→ DATASET:
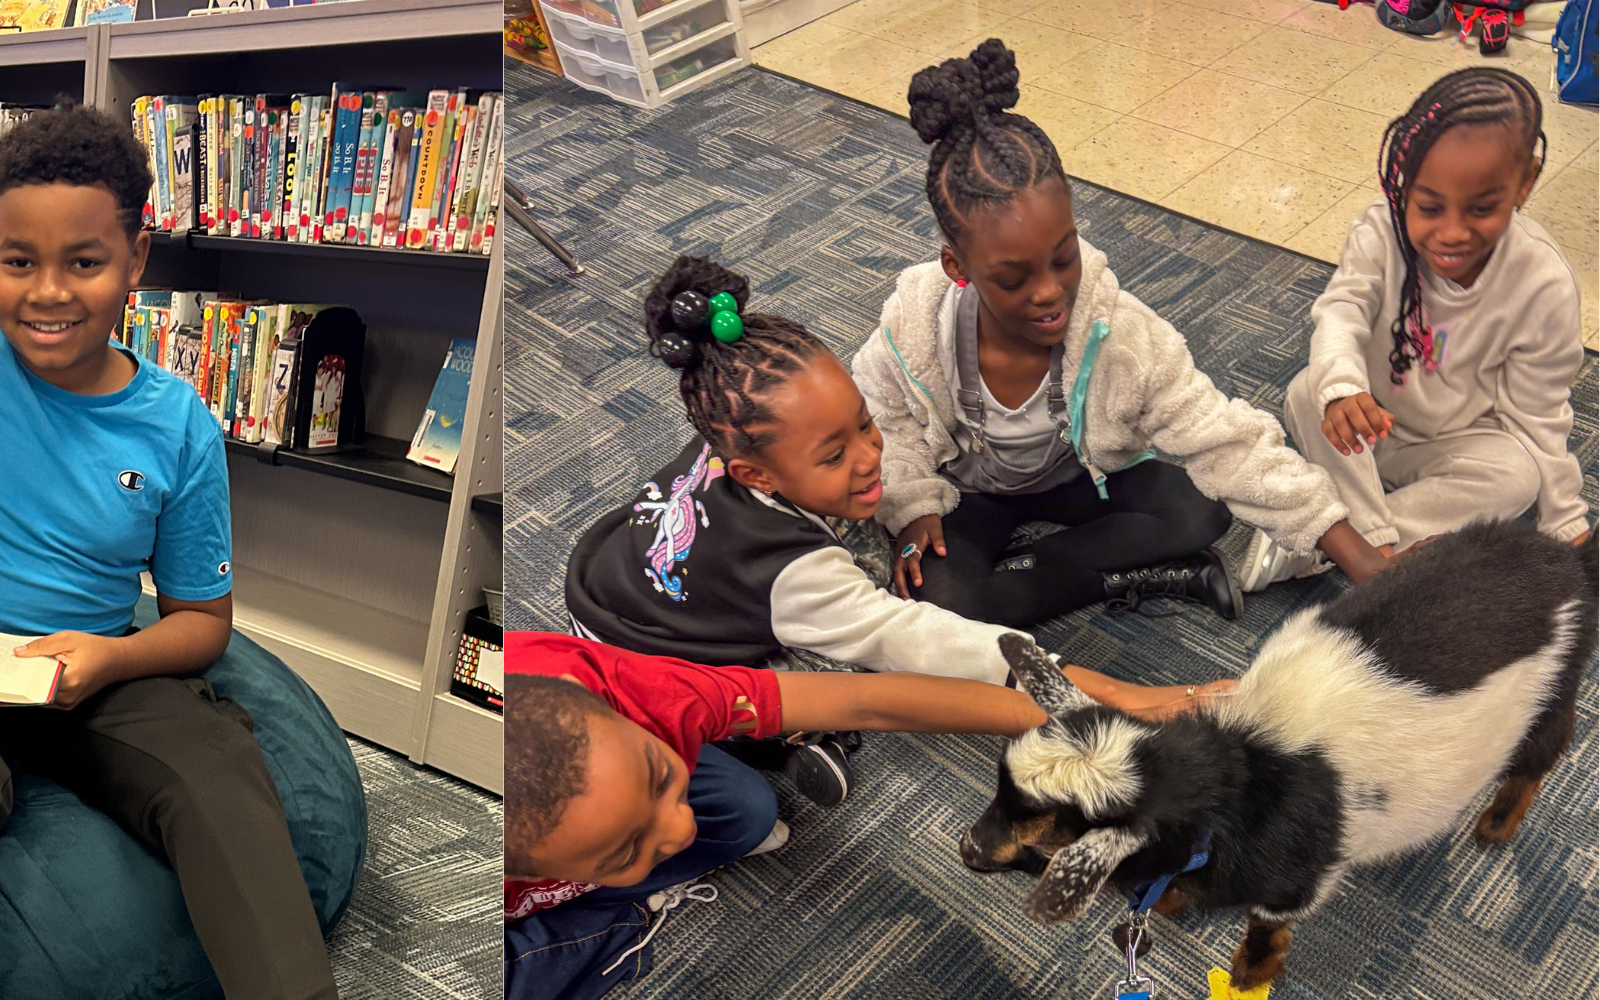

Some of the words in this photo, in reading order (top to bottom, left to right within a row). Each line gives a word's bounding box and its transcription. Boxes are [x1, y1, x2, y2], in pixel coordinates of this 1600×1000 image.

[473, 111, 487, 148] harlotte's
[490, 115, 500, 149] harlotte's
[174, 147, 191, 175] W
[199, 134, 207, 164] BEAST
[344, 156, 353, 166] B.
[345, 143, 354, 154] So
[469, 148, 479, 168] Web
[343, 166, 350, 174] It
[355, 156, 366, 188] PIE
[366, 156, 374, 188] PIE
[382, 158, 390, 170] So
[418, 130, 433, 200] COUNTDOWN
[380, 174, 388, 185] B.
[200, 322, 209, 366] RONT
[175, 346, 185, 371] X
[190, 351, 199, 376] Y
[276, 364, 288, 389] Z
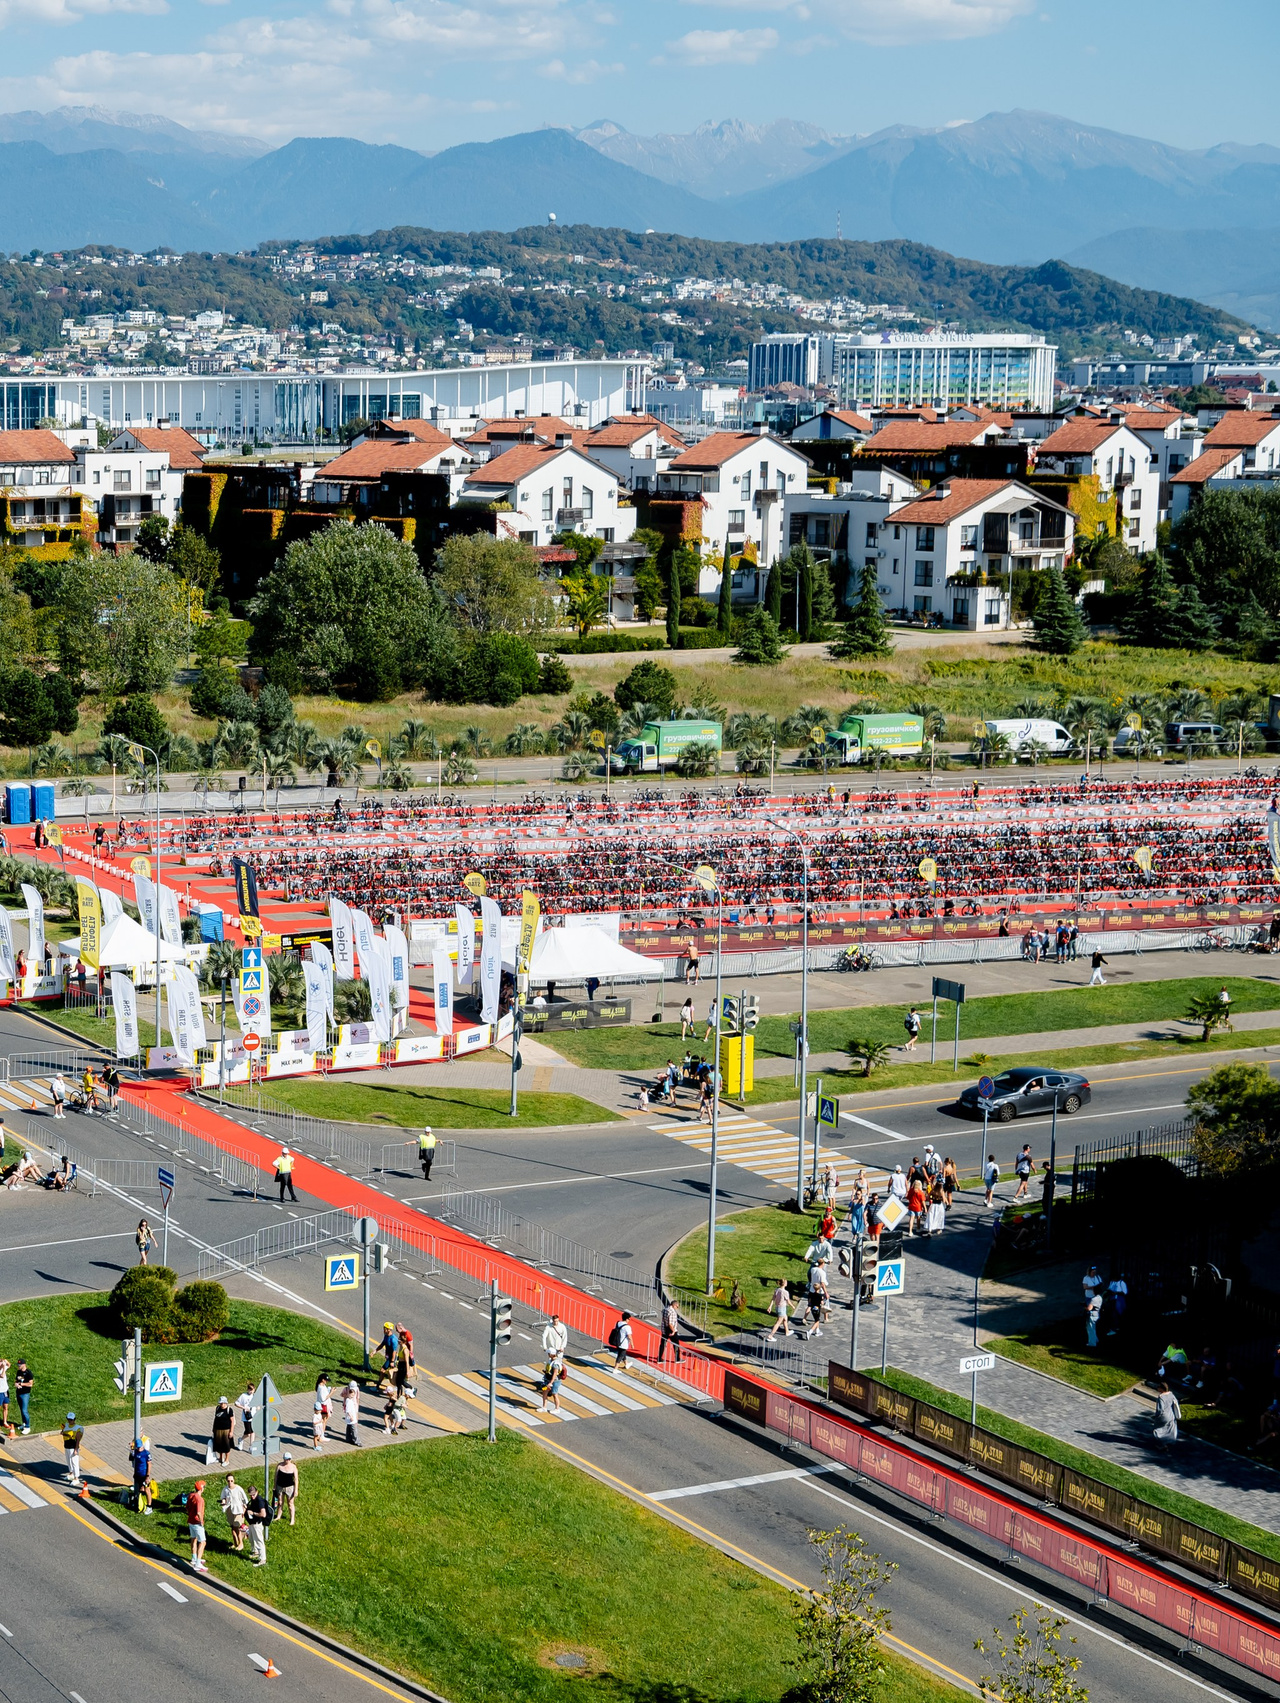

→ TRY IT: Please print the records above word for word, leaving every image out.

→ EXERCISE OUTPUT:
Some of the words in this photo, in reading order (top to bottom, left to right within a row). Each line gives a word's bounding box and its transcription. Boxes are [x1, y1, x2, y2], in pixel coordinates of this 1600×1000 image.

[473, 111, 487, 148] harlotte's
[490, 115, 500, 149] harlotte's
[174, 147, 191, 175] W
[199, 134, 207, 164] BEAST
[344, 156, 353, 166] B.
[345, 143, 354, 154] So
[469, 148, 479, 168] Web
[343, 166, 350, 174] It
[355, 156, 366, 188] PIE
[366, 156, 374, 188] PIE
[382, 158, 390, 170] So
[418, 130, 433, 200] COUNTDOWN
[380, 174, 388, 185] B.
[200, 322, 209, 366] RONT
[175, 346, 185, 371] X
[190, 351, 199, 376] Y
[276, 364, 288, 389] Z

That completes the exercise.